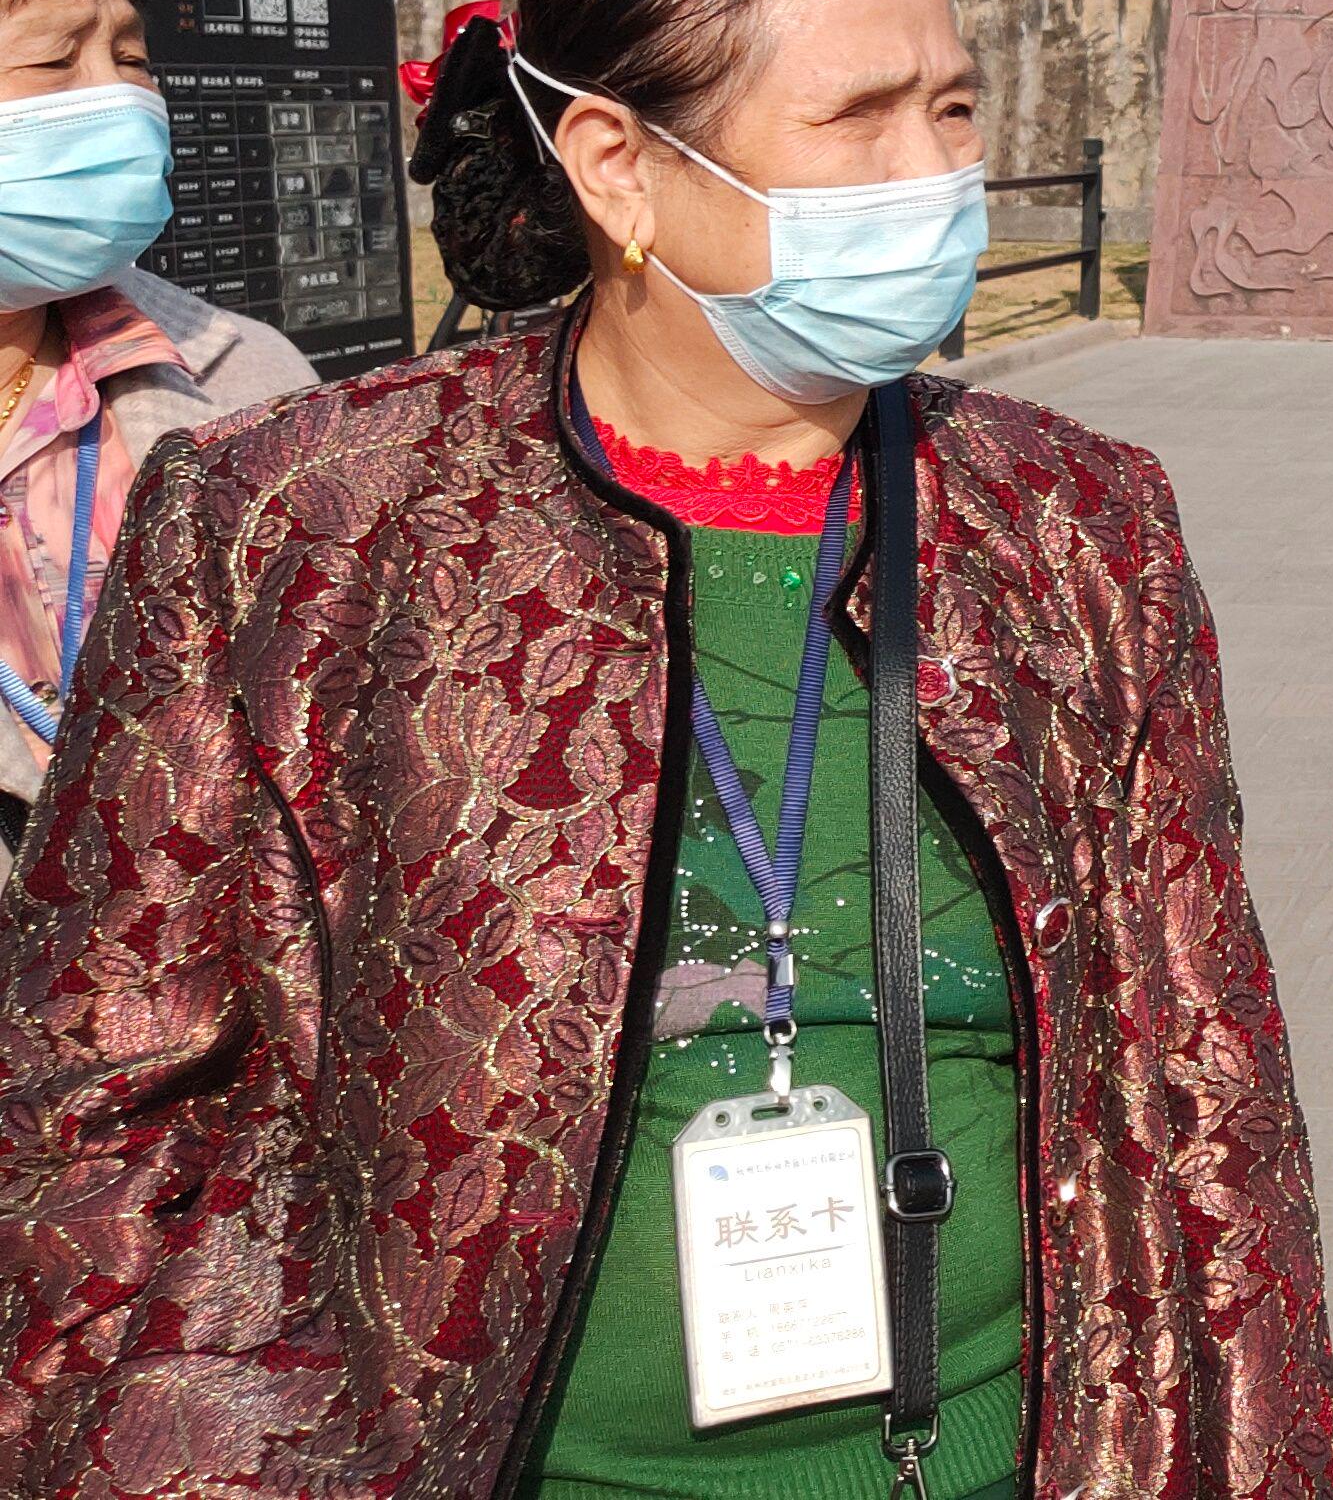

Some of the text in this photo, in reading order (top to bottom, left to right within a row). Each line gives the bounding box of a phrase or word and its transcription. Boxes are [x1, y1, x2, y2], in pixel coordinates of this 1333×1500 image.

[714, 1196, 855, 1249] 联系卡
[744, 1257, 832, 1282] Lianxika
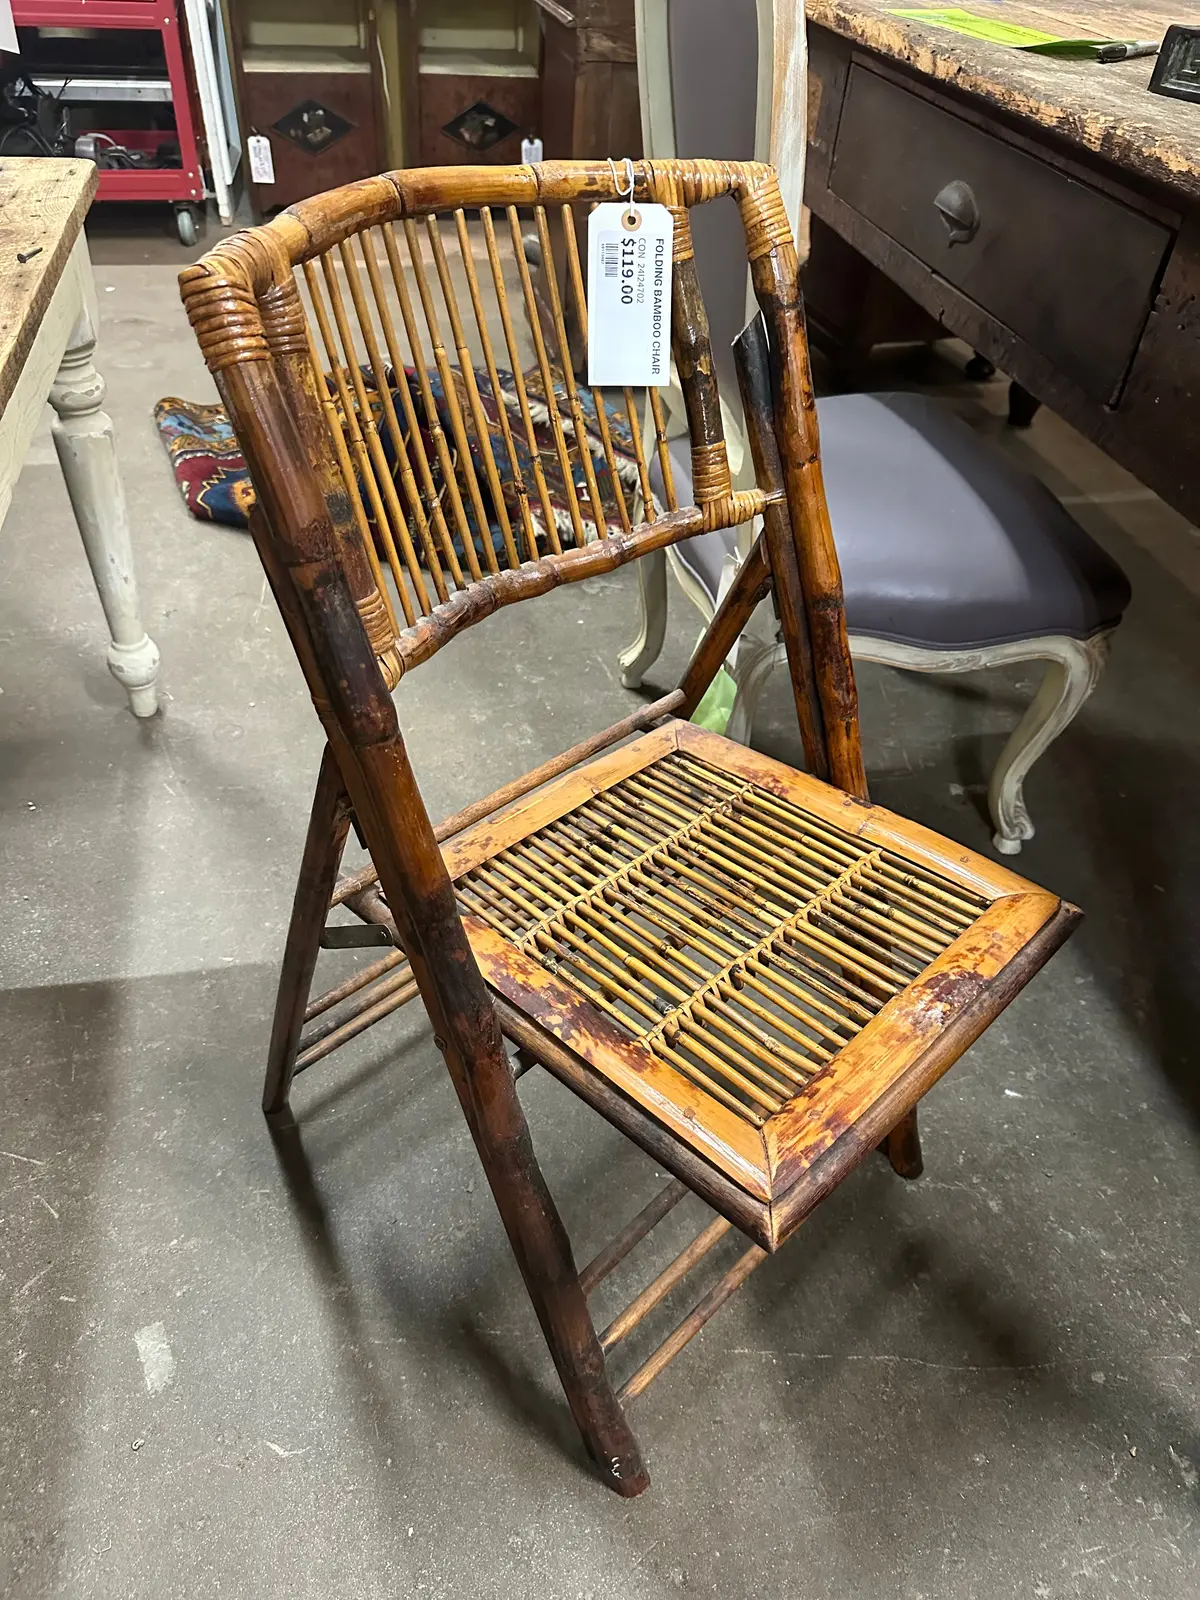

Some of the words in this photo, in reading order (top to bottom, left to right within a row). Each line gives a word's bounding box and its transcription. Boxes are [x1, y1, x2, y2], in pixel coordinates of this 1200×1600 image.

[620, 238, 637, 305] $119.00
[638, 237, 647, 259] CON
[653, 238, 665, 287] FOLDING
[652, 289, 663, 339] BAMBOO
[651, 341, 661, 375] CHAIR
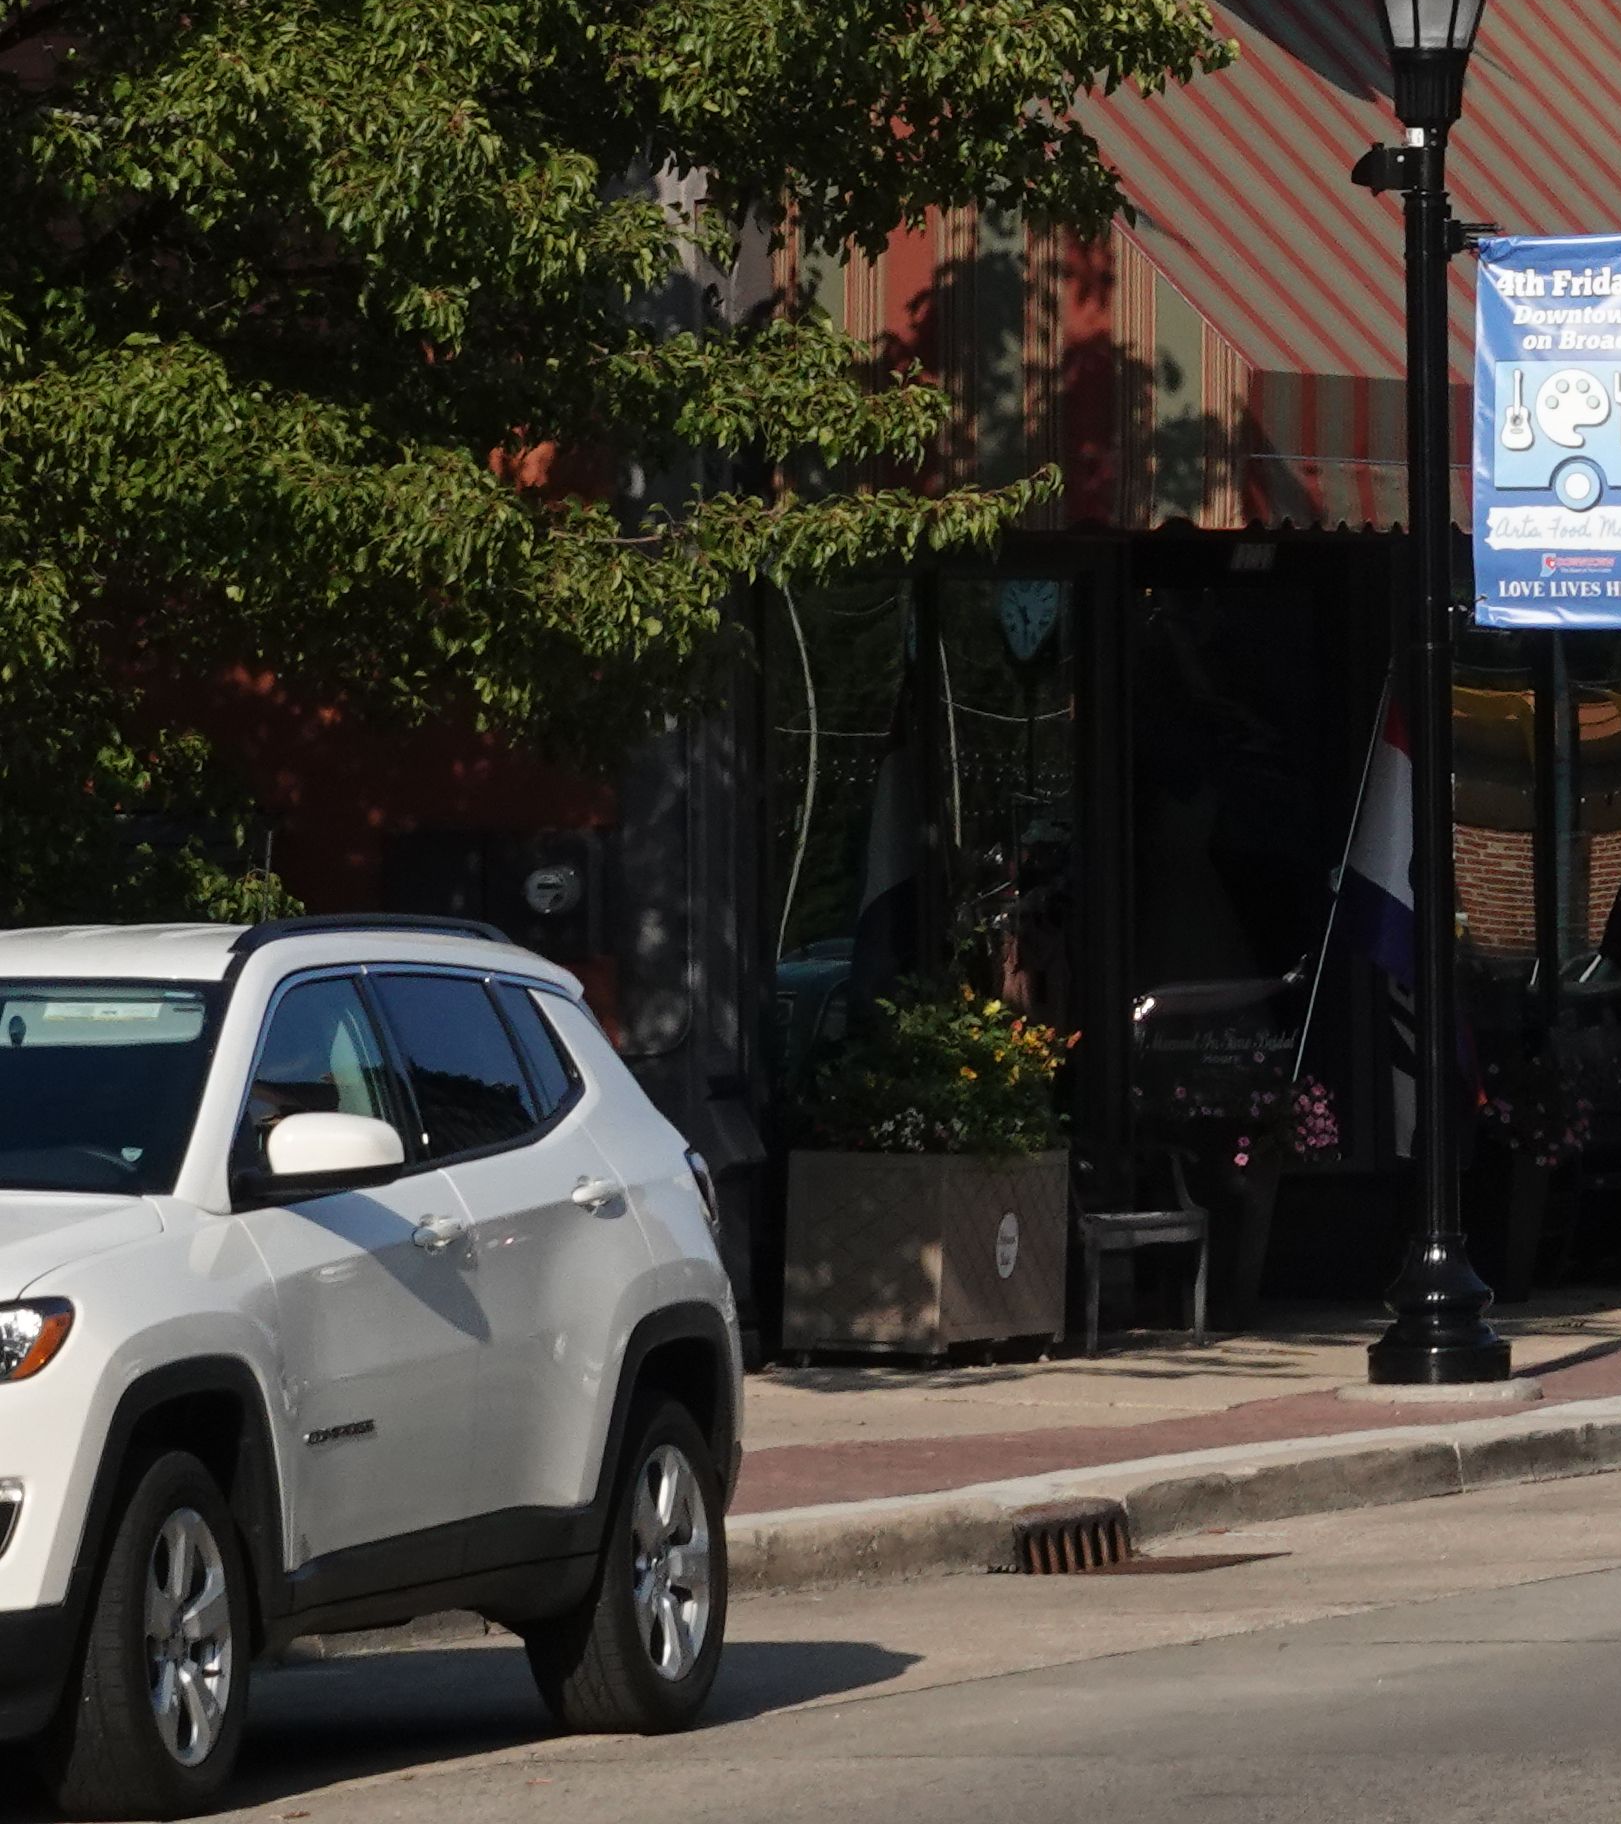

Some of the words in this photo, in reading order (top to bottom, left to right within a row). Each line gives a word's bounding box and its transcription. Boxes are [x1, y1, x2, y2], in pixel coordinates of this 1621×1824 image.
━━━━
▶ [What you need to do]: Please write the material out again exactly as shown above, minus any pictures.

▶ [Response area]:
Some of the text in this photo, in reading order (top to bottom, left to right within a row). Each line gives the bounding box of a phrase or word and its transcription. Boxes are [x1, y1, x2, y2], in pixel coordinates of this 1333×1500 image.

[714, 1196, 855, 1249] 联系卡
[744, 1257, 832, 1282] Lianxika

Some of the words in this photo, in reading order (top to bottom, left to right within a row). Each line gives a word's bounding box and its transcription. Boxes are [x1, y1, x2, y2], in pixel coordinates of this 1200×1600 image.

[620, 238, 637, 305] $119.00
[638, 237, 647, 259] CON
[653, 238, 665, 287] FOLDING
[652, 289, 663, 339] BAMBOO
[651, 341, 661, 375] CHAIR

Some of the words in this photo, in reading order (top to bottom, left to right within a row). Each line gives a word's bounding box and its transcription. Boxes are [x1, y1, x2, y2], in pixel coordinates of this 1621×1824 image.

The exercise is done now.